[Start of section]
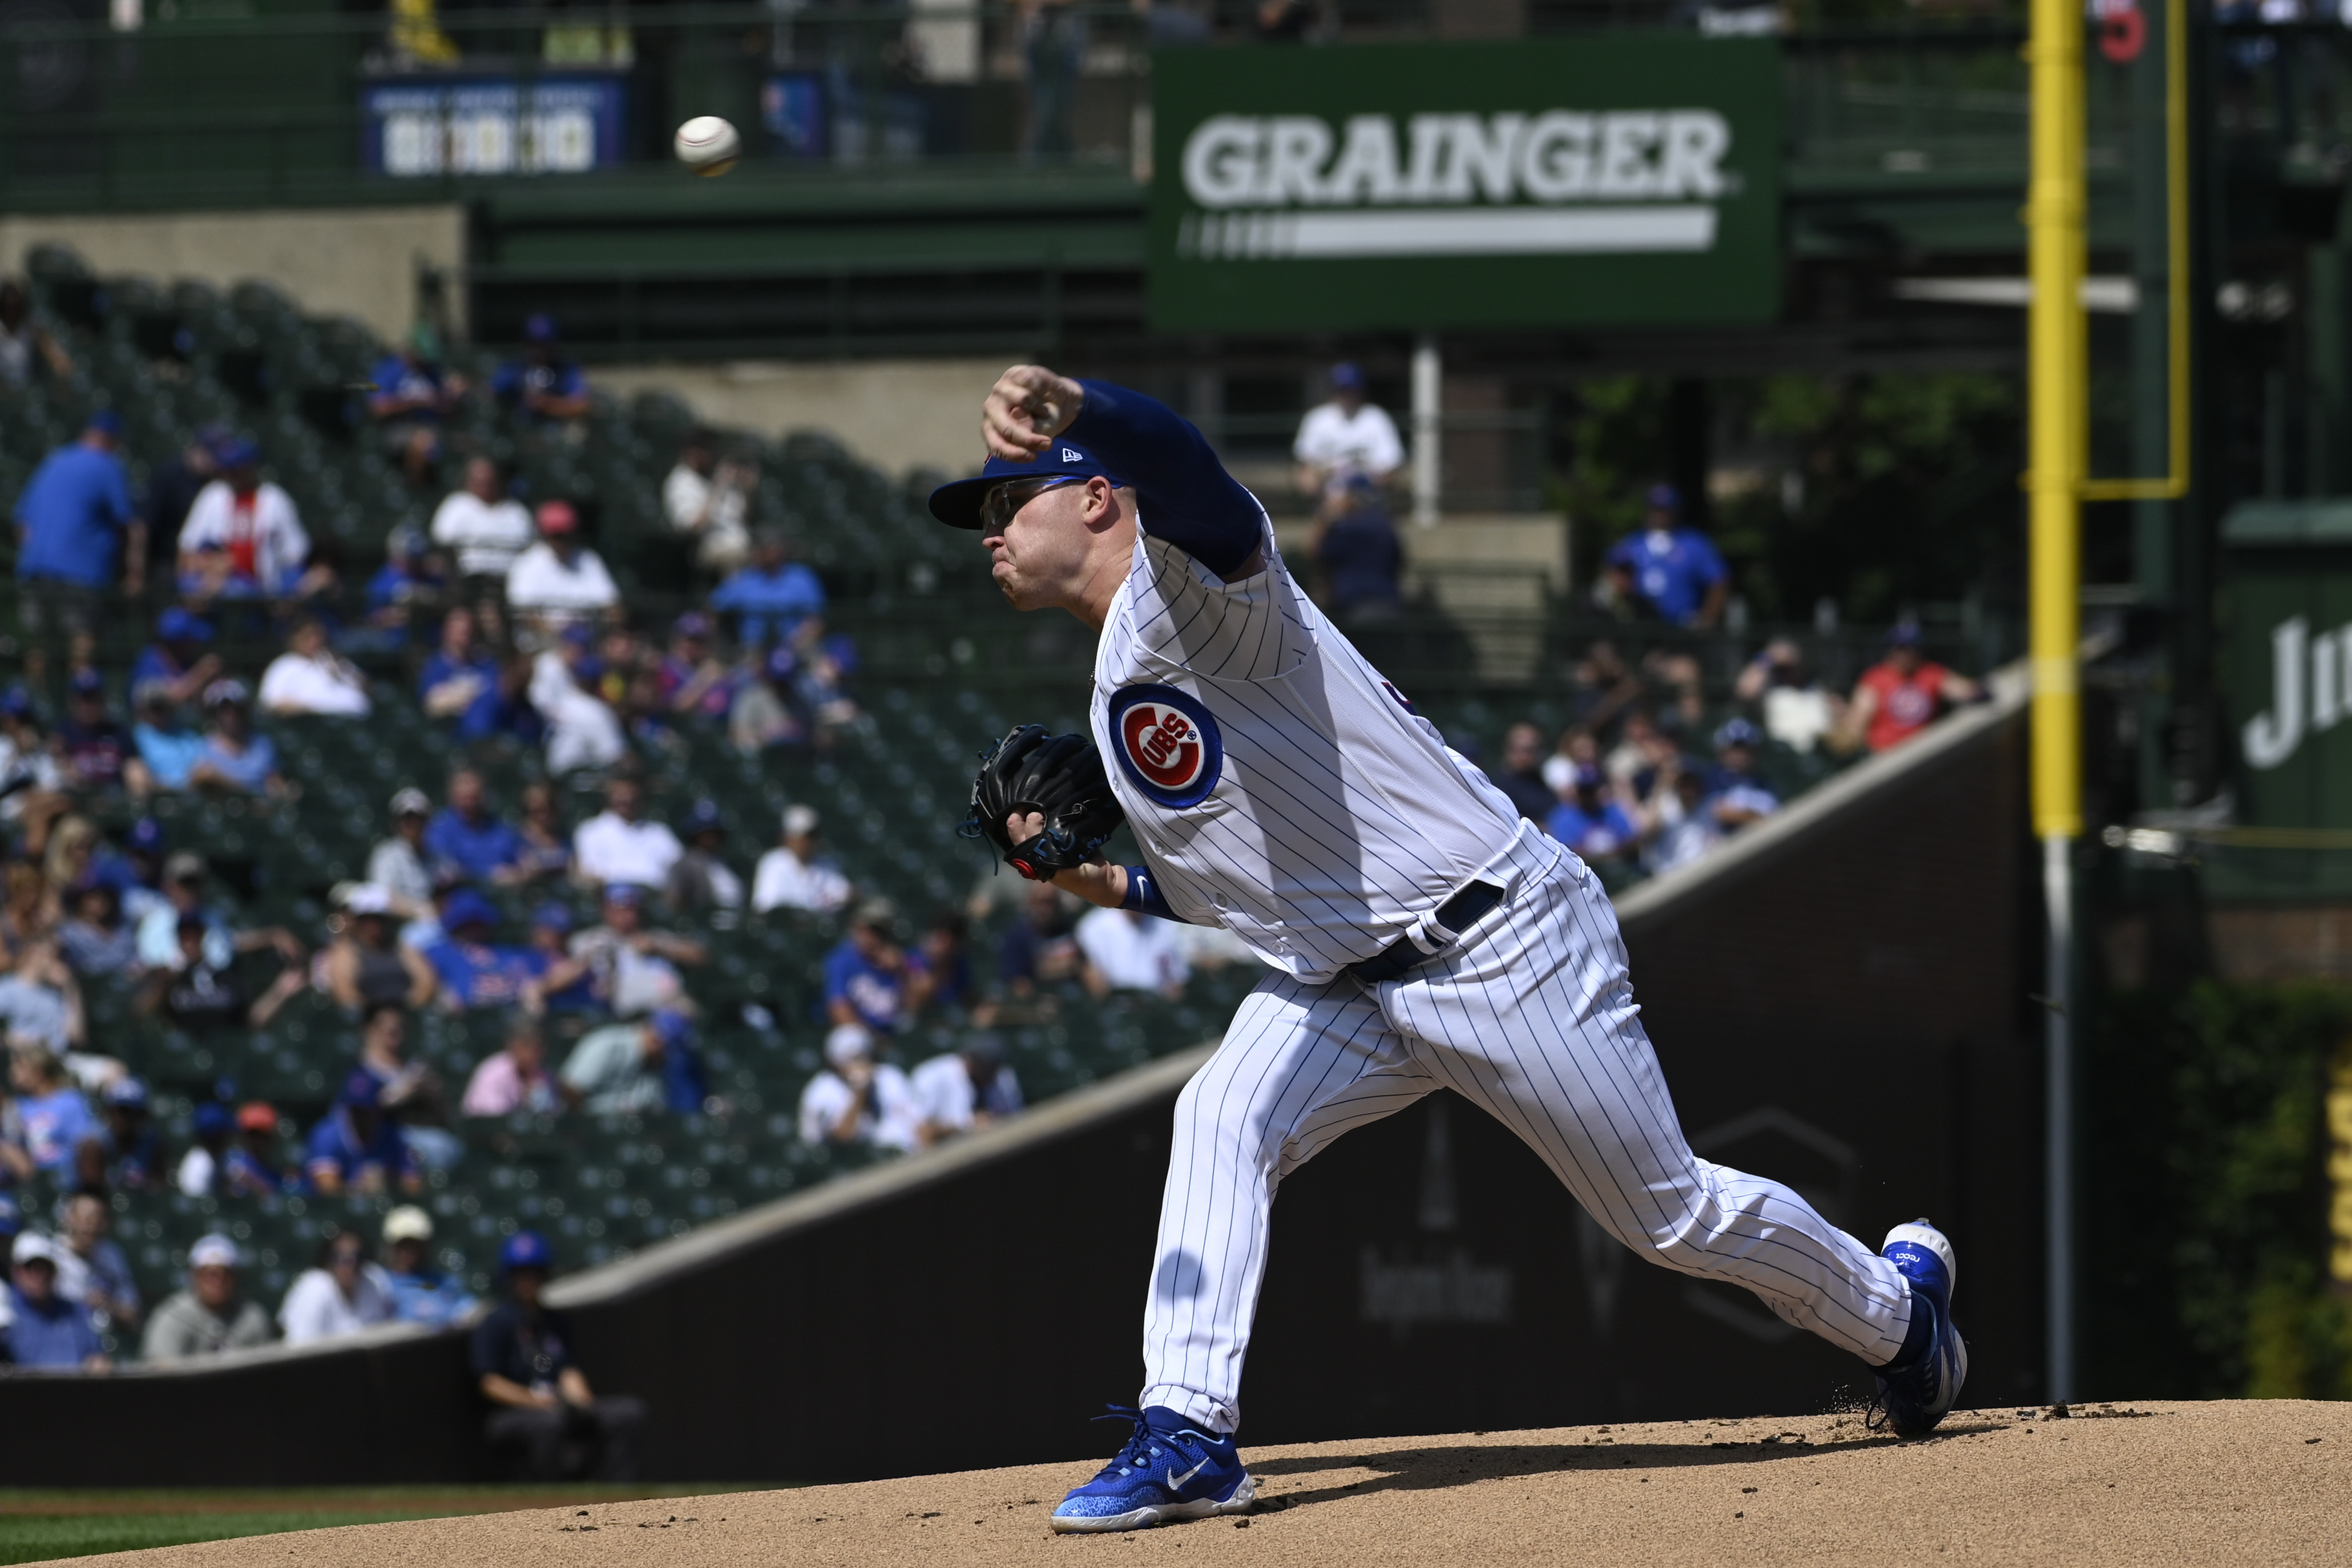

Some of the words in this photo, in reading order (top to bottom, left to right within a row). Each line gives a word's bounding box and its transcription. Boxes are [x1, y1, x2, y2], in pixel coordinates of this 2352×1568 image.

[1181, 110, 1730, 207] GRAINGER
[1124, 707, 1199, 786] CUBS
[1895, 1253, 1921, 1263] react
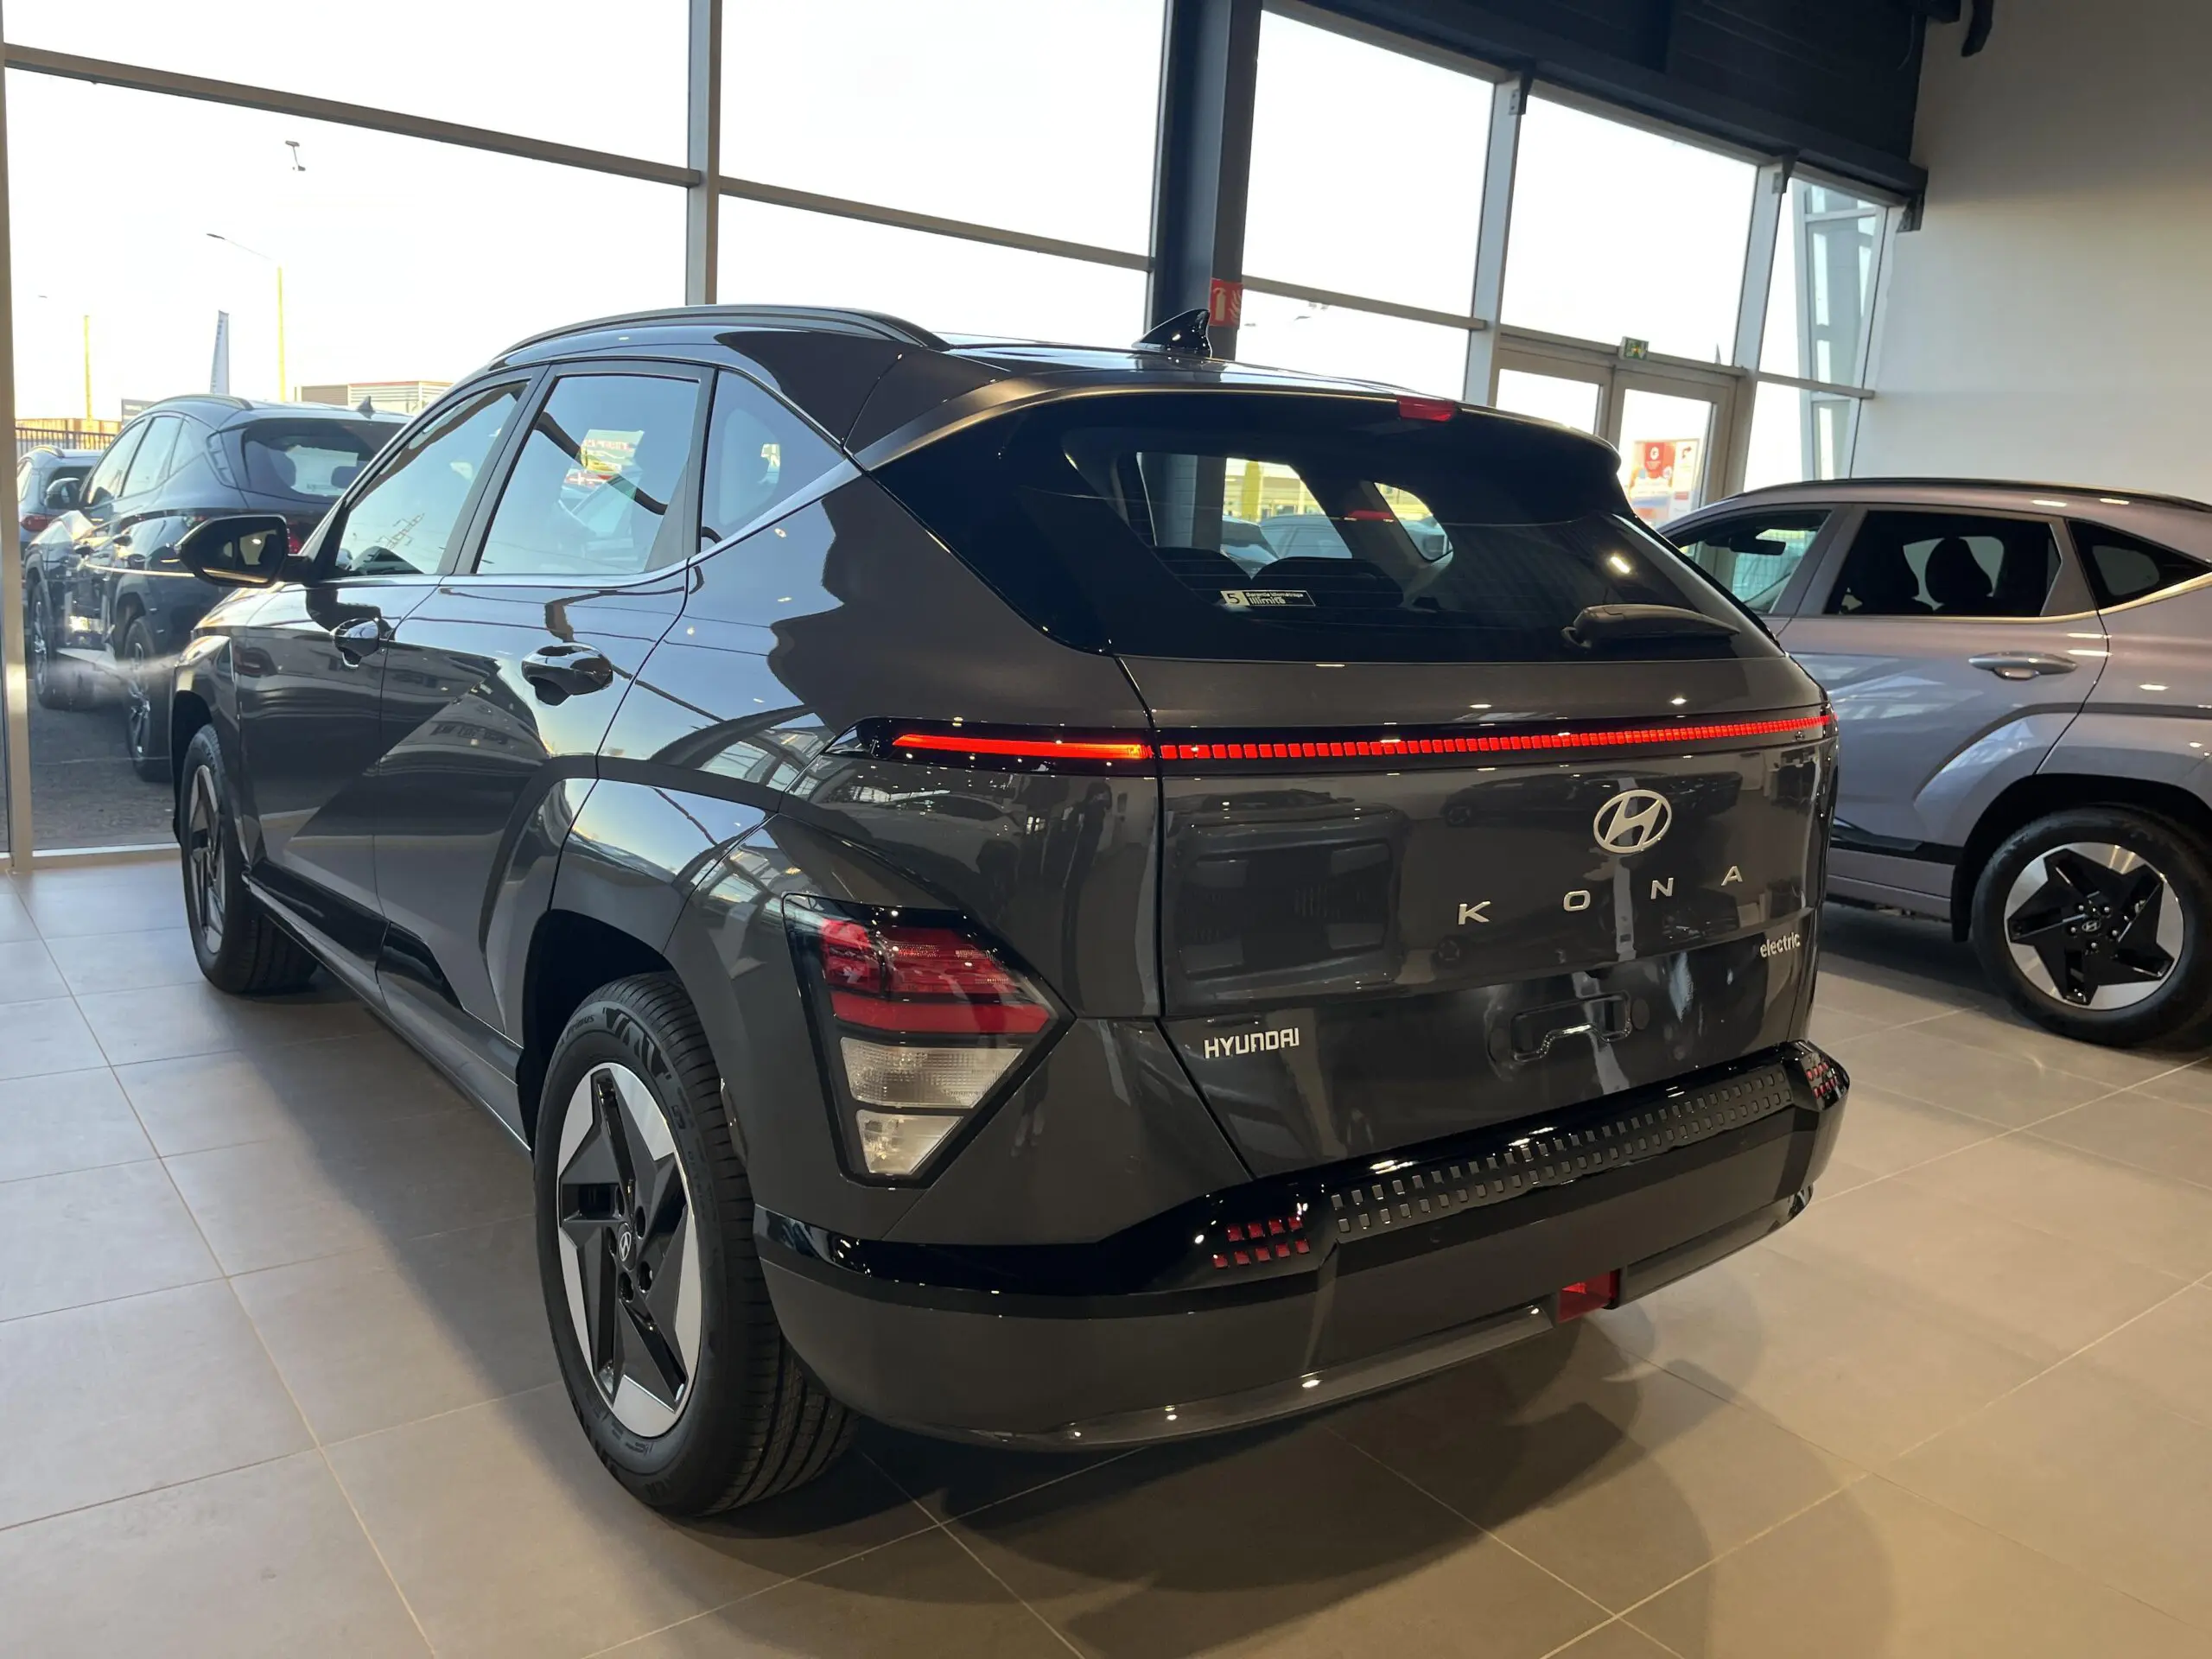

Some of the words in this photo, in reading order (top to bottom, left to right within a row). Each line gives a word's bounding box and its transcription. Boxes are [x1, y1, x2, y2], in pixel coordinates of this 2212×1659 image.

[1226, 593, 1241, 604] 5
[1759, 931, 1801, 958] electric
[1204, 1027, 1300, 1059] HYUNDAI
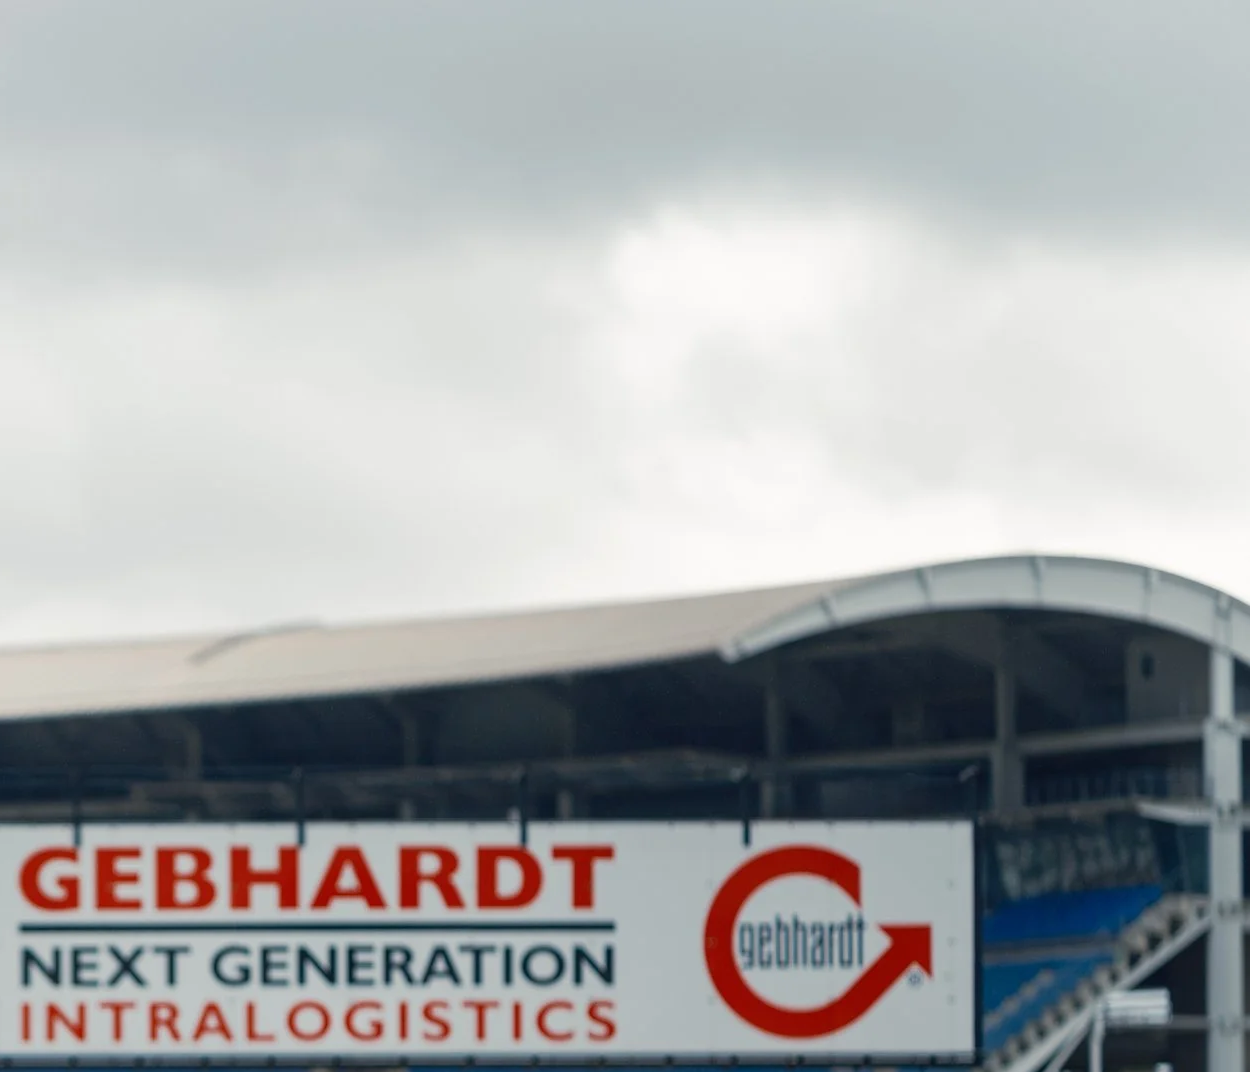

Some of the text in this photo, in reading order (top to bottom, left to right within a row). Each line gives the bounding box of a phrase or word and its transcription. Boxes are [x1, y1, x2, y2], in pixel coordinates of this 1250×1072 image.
[End of section]
Work instructions.
Dropping every picture, restate the material word for word.

Response below.
Some of the words in this photo, in reading order (top to bottom, left to right within a row). Each line gives a word's bounding box and its transcription. Boxes are [x1, y1, x2, y2], in pixel coordinates of this 2352×1568 image.

[1181, 110, 1730, 207] GRAINGER
[1124, 707, 1199, 786] CUBS
[1895, 1253, 1921, 1263] react

Some of the words in this photo, in reading order (top to bottom, left to right within a row). Each line gives a word's bounding box and its transcription. Boxes are [x1, y1, x2, y2], in pixel coordinates of this 2212×1659 image.

[1226, 593, 1241, 604] 5
[1759, 931, 1801, 958] electric
[1204, 1027, 1300, 1059] HYUNDAI

Some of the text in this photo, in reading order (top to bottom, left to right within a row). Each line gives the bounding box of a phrase or word and its transcription. Boxes are [x1, y1, x2, y2], in pixel coordinates of this 1250×1072 image.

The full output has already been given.